Saved entries
++++++++++
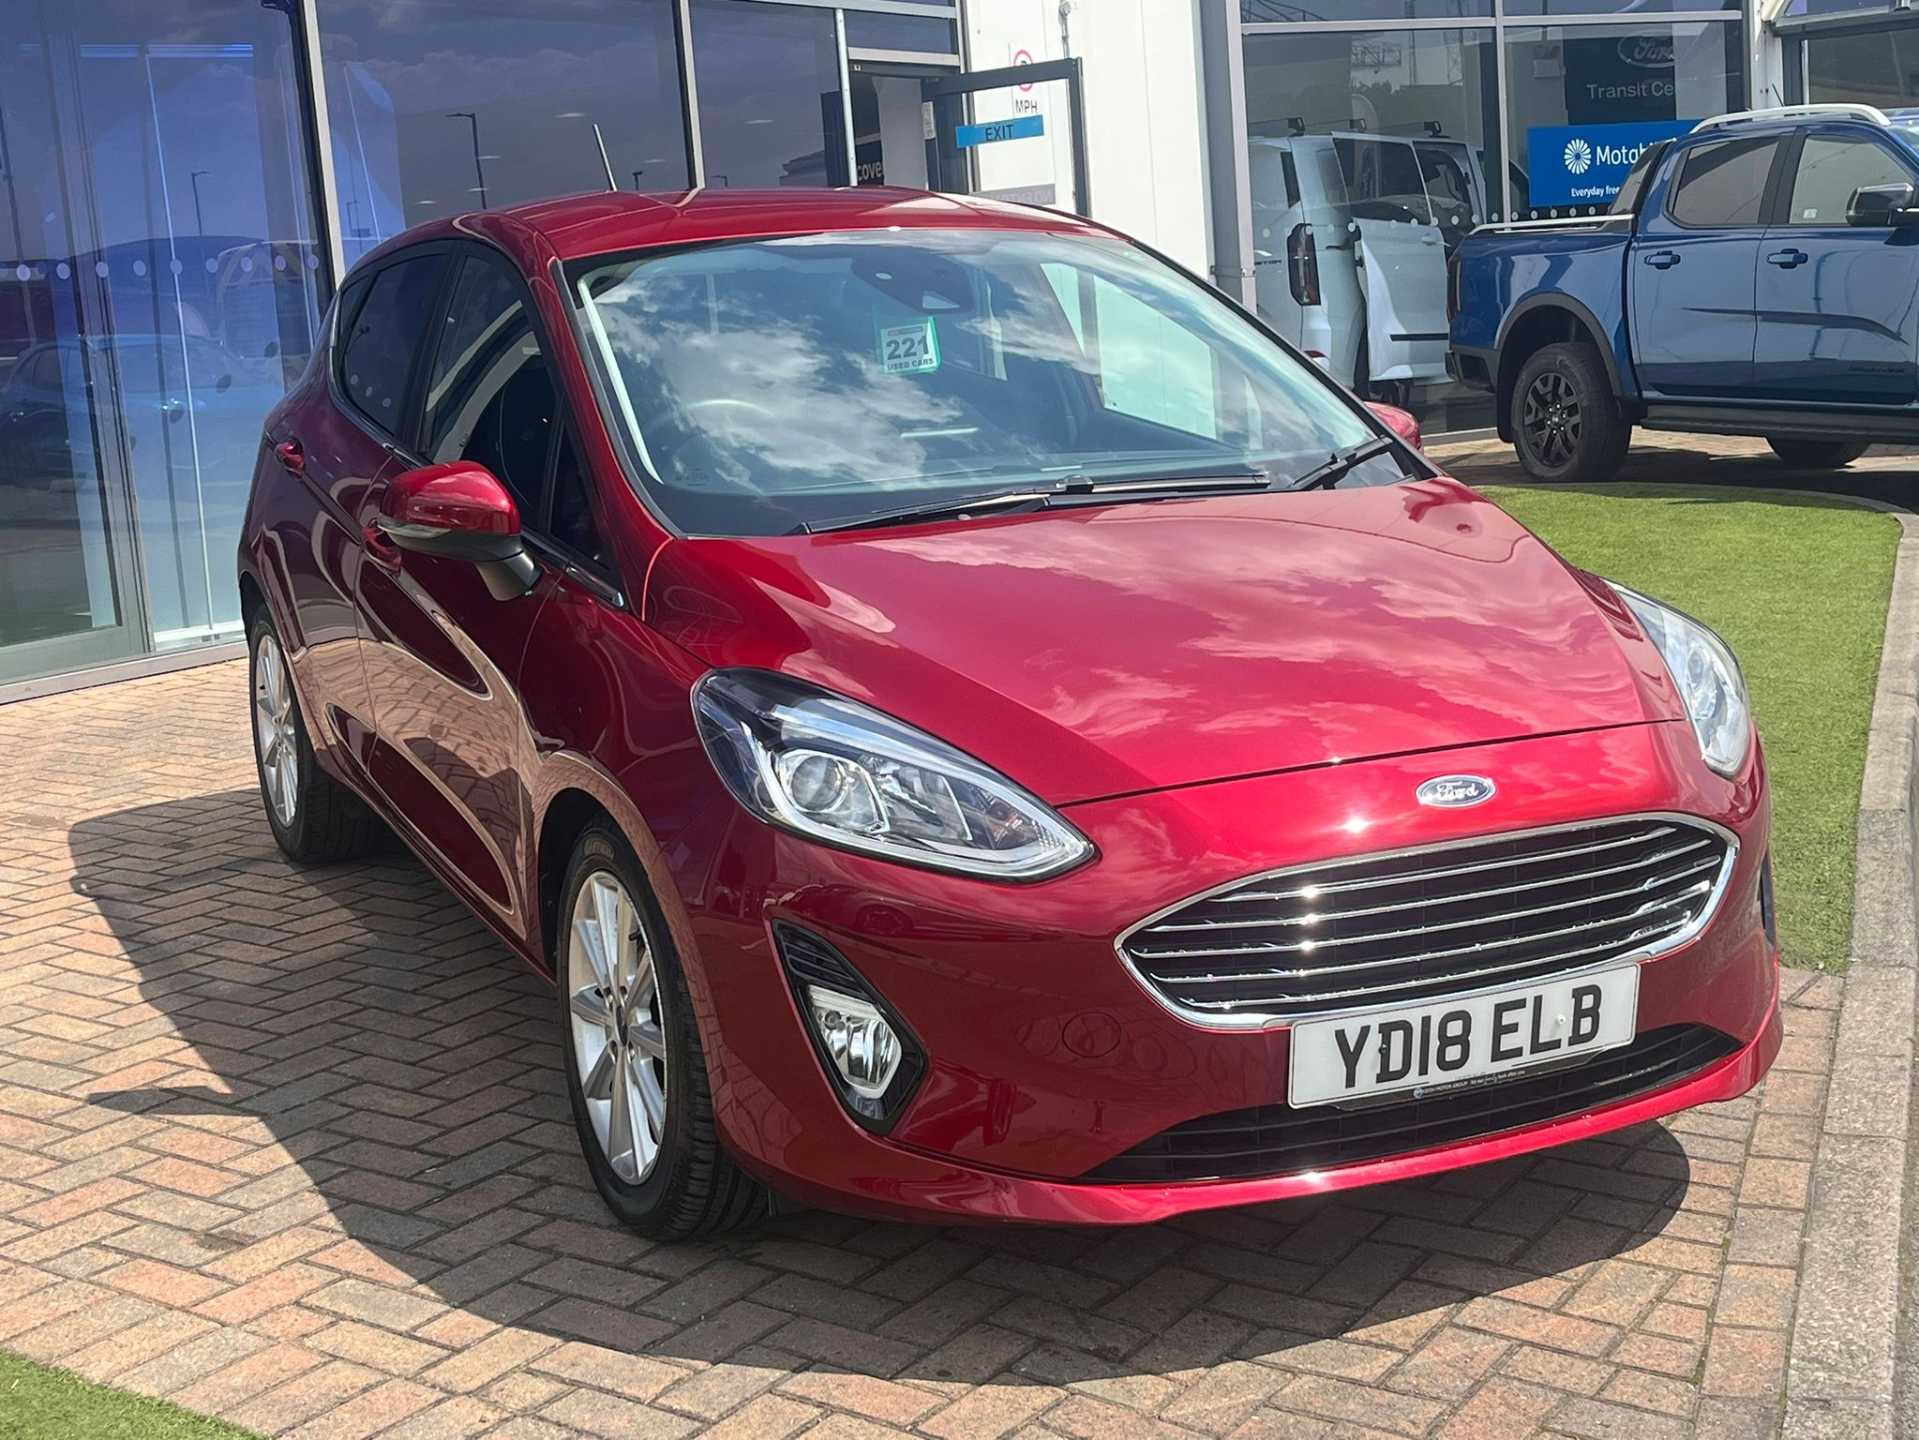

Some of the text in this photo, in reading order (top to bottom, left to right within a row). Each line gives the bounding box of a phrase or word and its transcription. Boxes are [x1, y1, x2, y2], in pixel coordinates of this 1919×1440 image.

[1586, 82, 1648, 98] Transit
[1015, 99, 1038, 113] MPH
[985, 124, 1015, 141] EXIT
[1571, 186, 1604, 198] Everyday
[886, 335, 930, 360] 221
[887, 358, 934, 370] USED CARS
[1435, 781, 1479, 801] Ford
[1335, 984, 1602, 1089] YD18 ELB
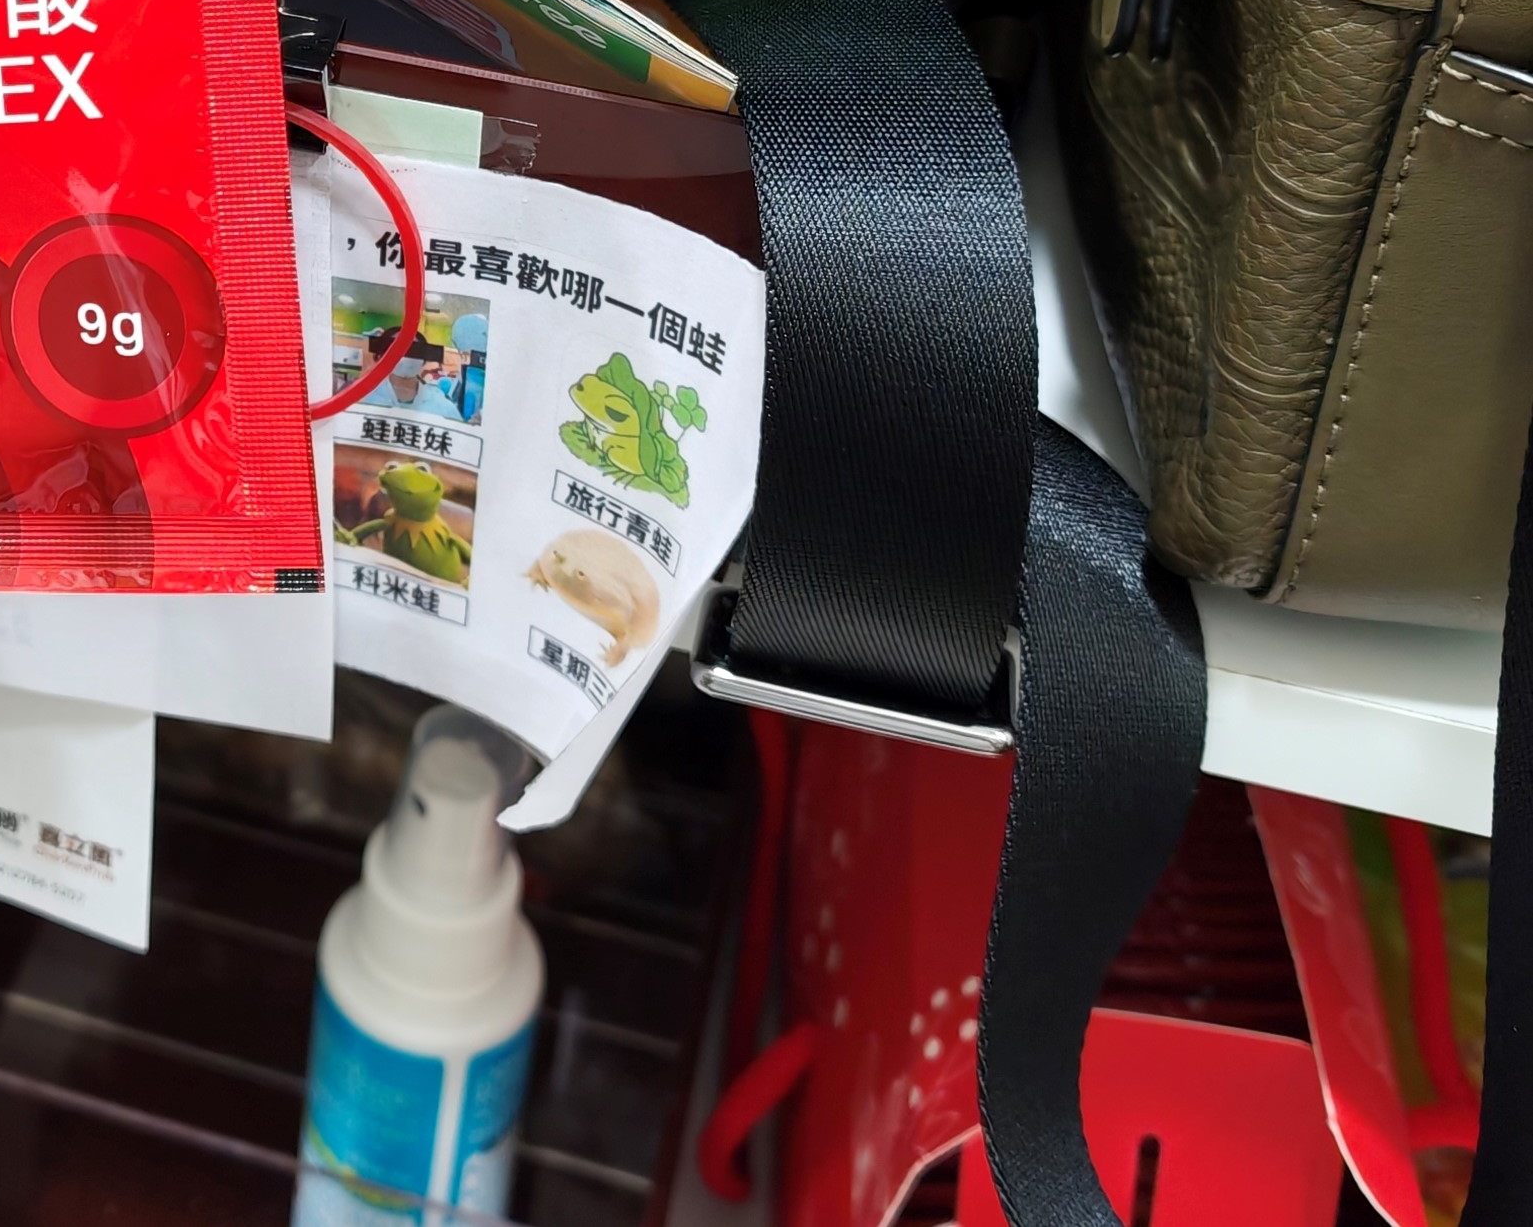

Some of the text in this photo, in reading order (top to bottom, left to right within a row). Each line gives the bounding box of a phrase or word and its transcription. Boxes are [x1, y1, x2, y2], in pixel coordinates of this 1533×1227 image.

[76, 302, 145, 357] 9g
[360, 417, 453, 457] 蛙蛙妹
[563, 480, 674, 567] 旅行青蛙
[351, 565, 441, 616] 科米蛙
[539, 637, 614, 710] 星期三
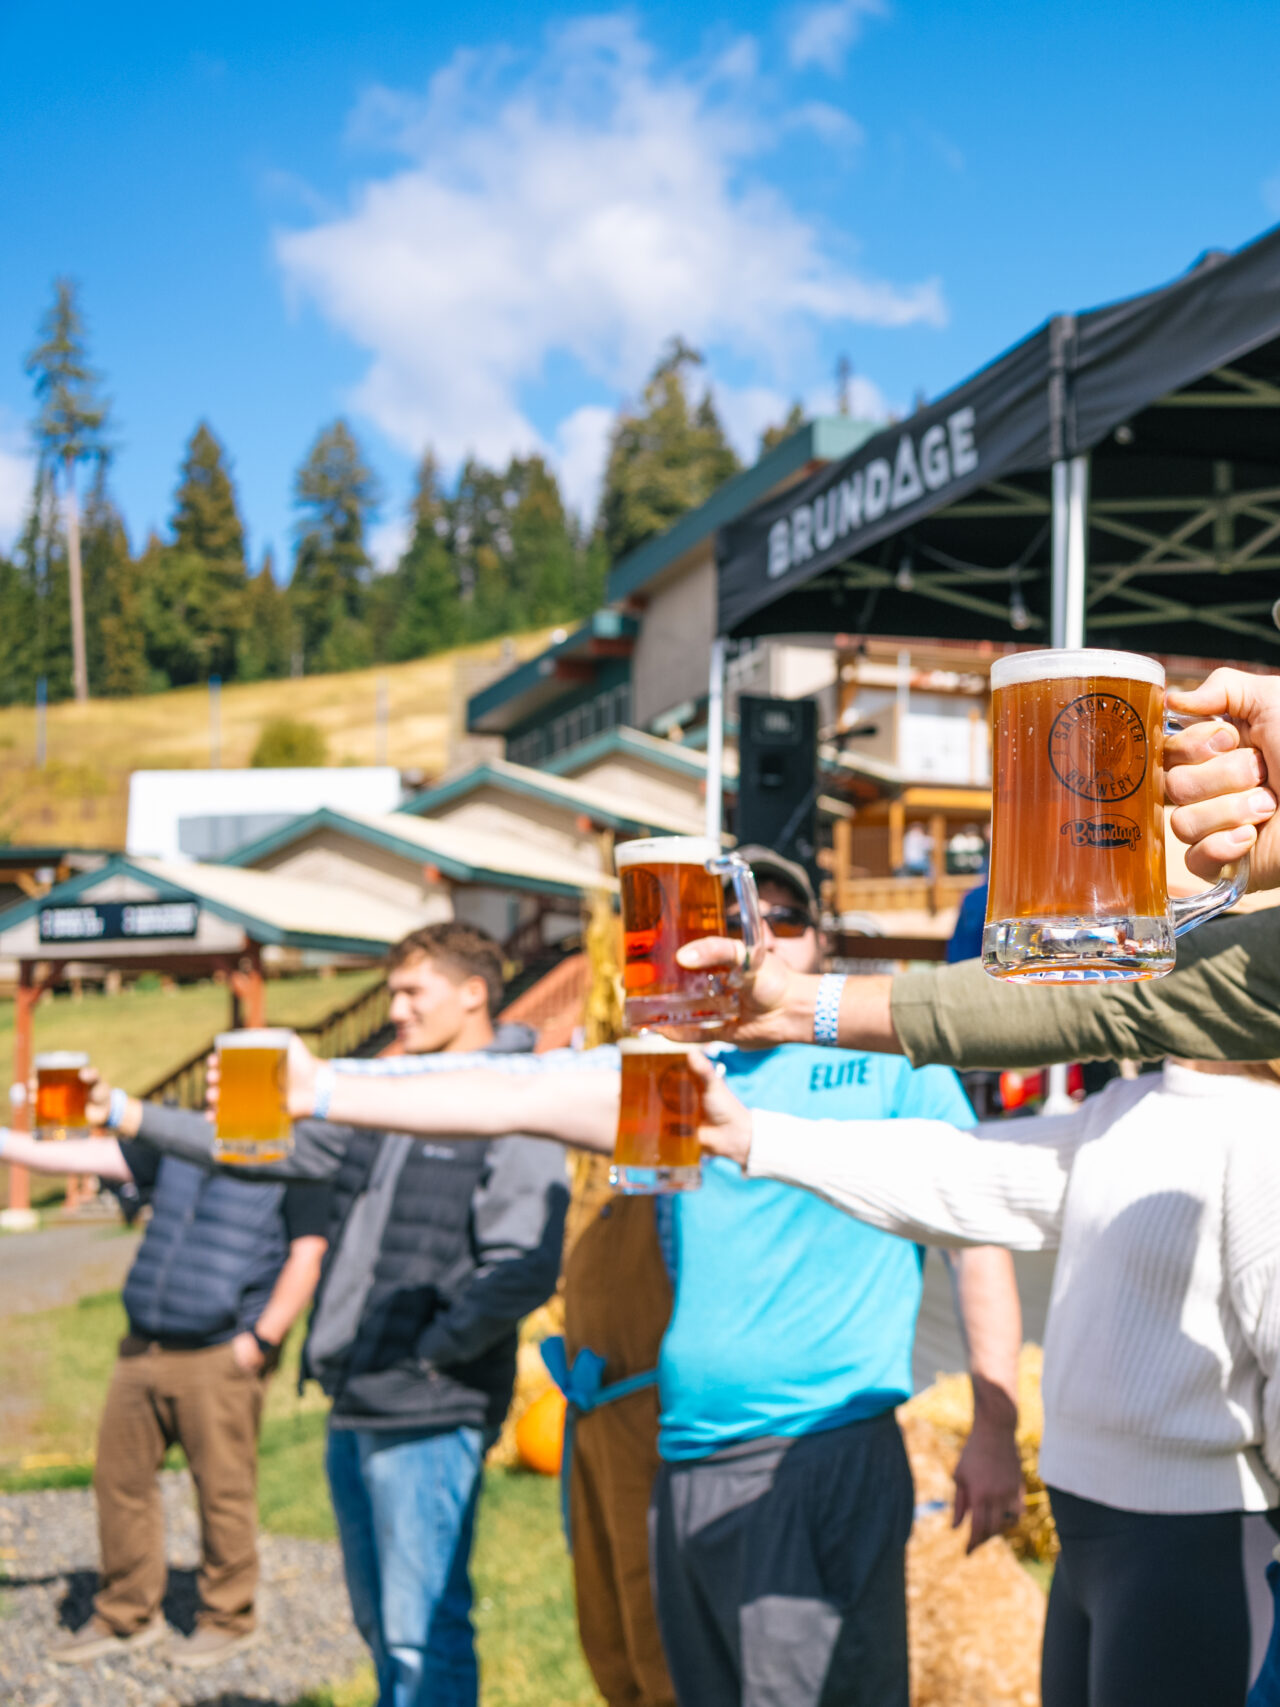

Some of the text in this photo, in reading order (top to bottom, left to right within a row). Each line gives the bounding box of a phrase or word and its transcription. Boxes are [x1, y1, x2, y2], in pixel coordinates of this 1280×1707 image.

[767, 406, 979, 579] BRUNDAGE
[1054, 698, 1144, 743] SALMON RIVER
[1065, 769, 1135, 797] BREWERY
[1060, 818, 1141, 851] Brundage
[809, 1056, 871, 1091] ELITE
++++++++++
▶ **Directions for this task**:
Send back the data above verbatim, leaving out its pictures.

▶ **Response for this exercise**:
Some of the text in this photo, in reading order (top to bottom, left to right within a row). Each line gives the bounding box of a phrase or word and its transcription. Boxes are [x1, y1, x2, y2], in pixel coordinates of this 1919×1440 image.

[1586, 82, 1648, 98] Transit
[1015, 99, 1038, 113] MPH
[985, 124, 1015, 141] EXIT
[1571, 186, 1604, 198] Everyday
[886, 335, 930, 360] 221
[887, 358, 934, 370] USED CARS
[1435, 781, 1479, 801] Ford
[1335, 984, 1602, 1089] YD18 ELB

Some of the text in this photo, in reading order (top to bottom, left to right within a row). Each line gives the bounding box of a phrase or word and its transcription. Boxes are [x1, y1, x2, y2], in pixel coordinates of this 1533×1227 image.

[76, 302, 145, 357] 9g
[360, 417, 453, 457] 蛙蛙妹
[563, 480, 674, 567] 旅行青蛙
[351, 565, 441, 616] 科米蛙
[539, 637, 614, 710] 星期三

Some of the text in this photo, in reading order (top to bottom, left to right within a row). Each line gives the bounding box of a phrase or word and its transcription. Boxes are [x1, y1, x2, y2], in pixel coordinates of this 1280×1707 image.

[767, 406, 979, 579] BRUNDAGE
[1054, 698, 1144, 743] SALMON RIVER
[1065, 769, 1135, 797] BREWERY
[1060, 818, 1141, 851] Brundage
[809, 1056, 871, 1091] ELITE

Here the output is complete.